Physics applies ever larger energies to matter in order to find ever smaller particles, until at last they isolate the least of all, the Higgs boson, and call it God: the God particle.

Biologists reduce the human body to merely a mix of physical and chemical elements. Thus they stultify pharmacology with a random model of discovery by trial and error among astronomical numbers of molecules that they then inject first into rats and then into humans. Discovery focuses on the creative possibilities of the trillions of ribosomes in every human body that can assemble any needed molecule.

Economists not only deny creativity to the divine; they also deny it to human beings. Their economic models reduce the human agent to a function of outside forces, essentially a Skinner box of stimuli and responses. Focusing on incentives rather than creativity, many economists are left with a model of capitalism that is driven by greed rather than by aspiration.

Across the sciences, however, the recent triumphs of information theory uphold a hierarchical universe. In the greatest mathematical discovery of the 20th century, Kurt Gödel in 1931 proved it in his famous incompleteness theorem. Every logical scheme, even mathematics itself, is necessarily dependent on axioms outside the scheme that cannot be proved within it. John von Neumann extended this view to the proposition that all computing machines must have outside programmers. No matter how much you know about the material substance of a computer, you cannot grasp what a computer is doing without finding the source code.

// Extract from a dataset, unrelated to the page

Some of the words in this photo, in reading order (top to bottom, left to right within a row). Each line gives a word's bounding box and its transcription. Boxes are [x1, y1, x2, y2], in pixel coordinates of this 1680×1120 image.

The computer offers an insuperable obstacle to Darwinian materialism. In a computer, as information theory shows, the content is manifestly independent of its material substrate. No possible knowledge of the computer’s materials can yield any information whatsoever about the actual content of its computations. In the usual hierarchy of causation, they reflect the software used to program the device; and, like the design of the computer itself, the software is contrived by human intelligence.

Yet Darwinians were upholding a purely material explanation of the complexity of life that could not even explain the complexity of computation. As I pondered this materialist superstition, it became increasingly clear to me that in all the sciences I studied, information comes first, and regulates the flesh and the world, not the other way around. In the beginning was the Word, as St. John wrote, is a central dogma of modern science.

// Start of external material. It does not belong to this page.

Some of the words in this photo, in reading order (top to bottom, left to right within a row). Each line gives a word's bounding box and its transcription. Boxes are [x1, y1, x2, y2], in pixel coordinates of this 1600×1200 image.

Salient in virtually every technical field — from quantum theory and molecular biology to computer science and economics — is an increasing concern with the word. It passes by many names: logos, logic, bits, bytes, mathematics, software, knowledge, syntax, semantics, code, plan, program, design, algorithm, as well as the ubiquitous “information.” In every case, the information is independent of its physical embodiment or carrier.

This reality expresses a key insight of Francis Crick, the Nobel laureate and co-author of the discovery of DNA. Crick’s “Central Dogma” of molecular biology shows that influence can flow from the DNA word to the protein flesh, but not from proteins to DNA. By asserting that the DNA message precedes and regulates the form of the proteins, and that proteins cannot specify a DNA program, Crick’s Central Dogma unintentionally recapitulates St. John’s assertion of the primacy of the word over the flesh.

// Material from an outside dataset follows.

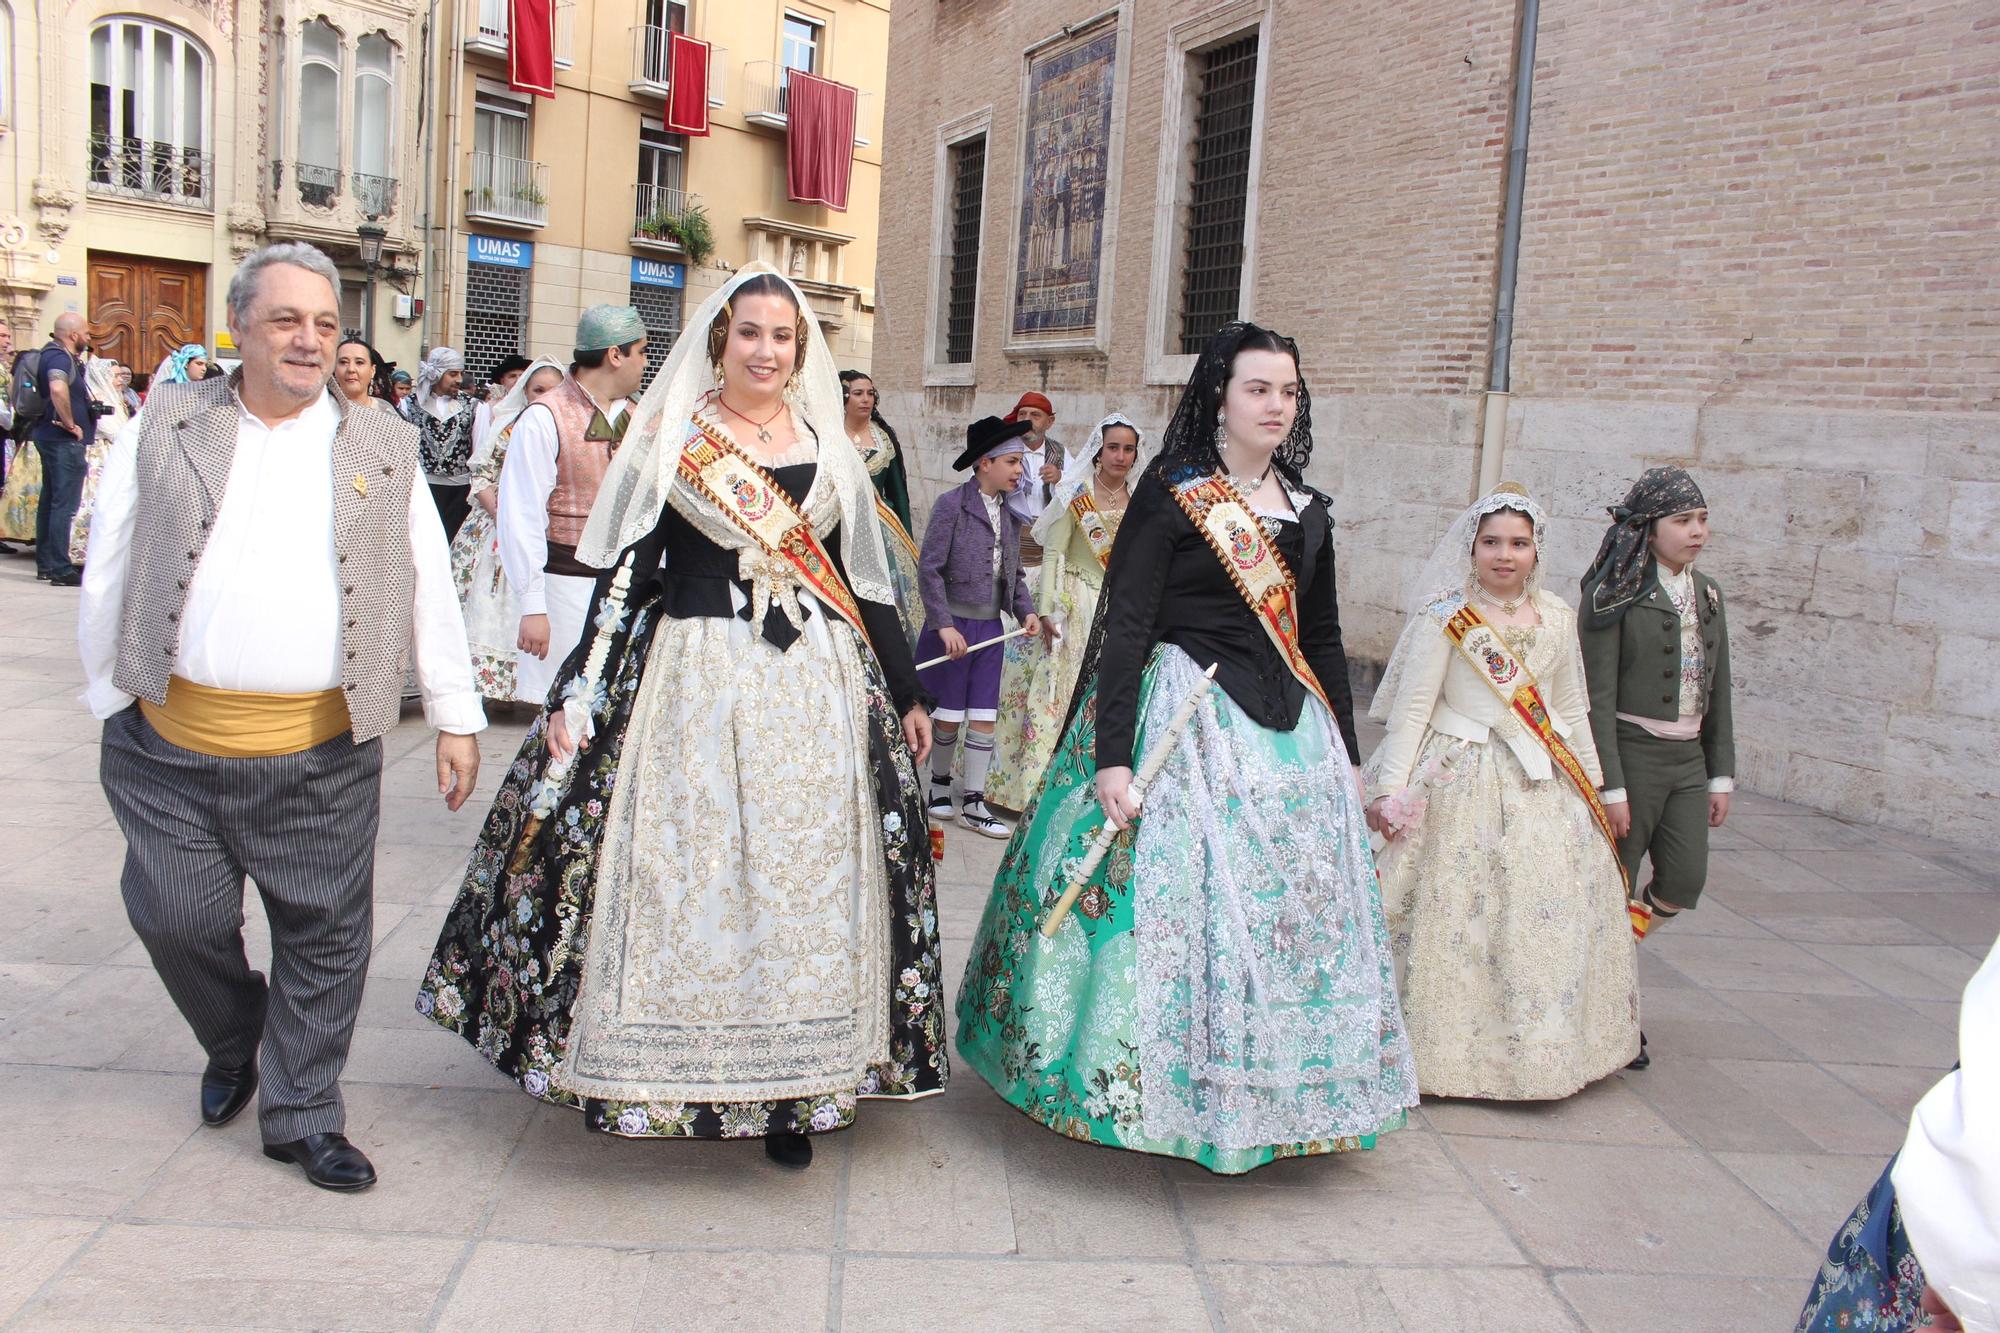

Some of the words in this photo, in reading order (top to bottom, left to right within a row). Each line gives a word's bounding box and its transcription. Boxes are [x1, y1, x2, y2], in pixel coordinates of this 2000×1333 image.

[477, 237, 520, 258] UMAS
[639, 260, 675, 279] UMAS
[1469, 633, 1491, 653] 2022

Similarly, you cannot understand mind by pondering physics and chemistry; you need the source codes of DNA and the cosmos. You cannot understand economics without explaining entrepreneurial creativity.

To grasp reality you have to look up rather than down. You have to aspire rather than despair or deny. You have to seek singularities rather than average them to banalities.

You cannot find anything new from an old place. You cannot have an assured path to the future by surveying the landscape in front of you. You cannot find safety in numbers or even in big data. You have to “leap before you look.” Faith precedes knowledge.

This attitude of aspiration and creative discovery — vertical ambition for creative meaning rather than horizontal submission to random reductionism — is the heart of the program at Discovery Institute: finding the image of the creator in nature and in us.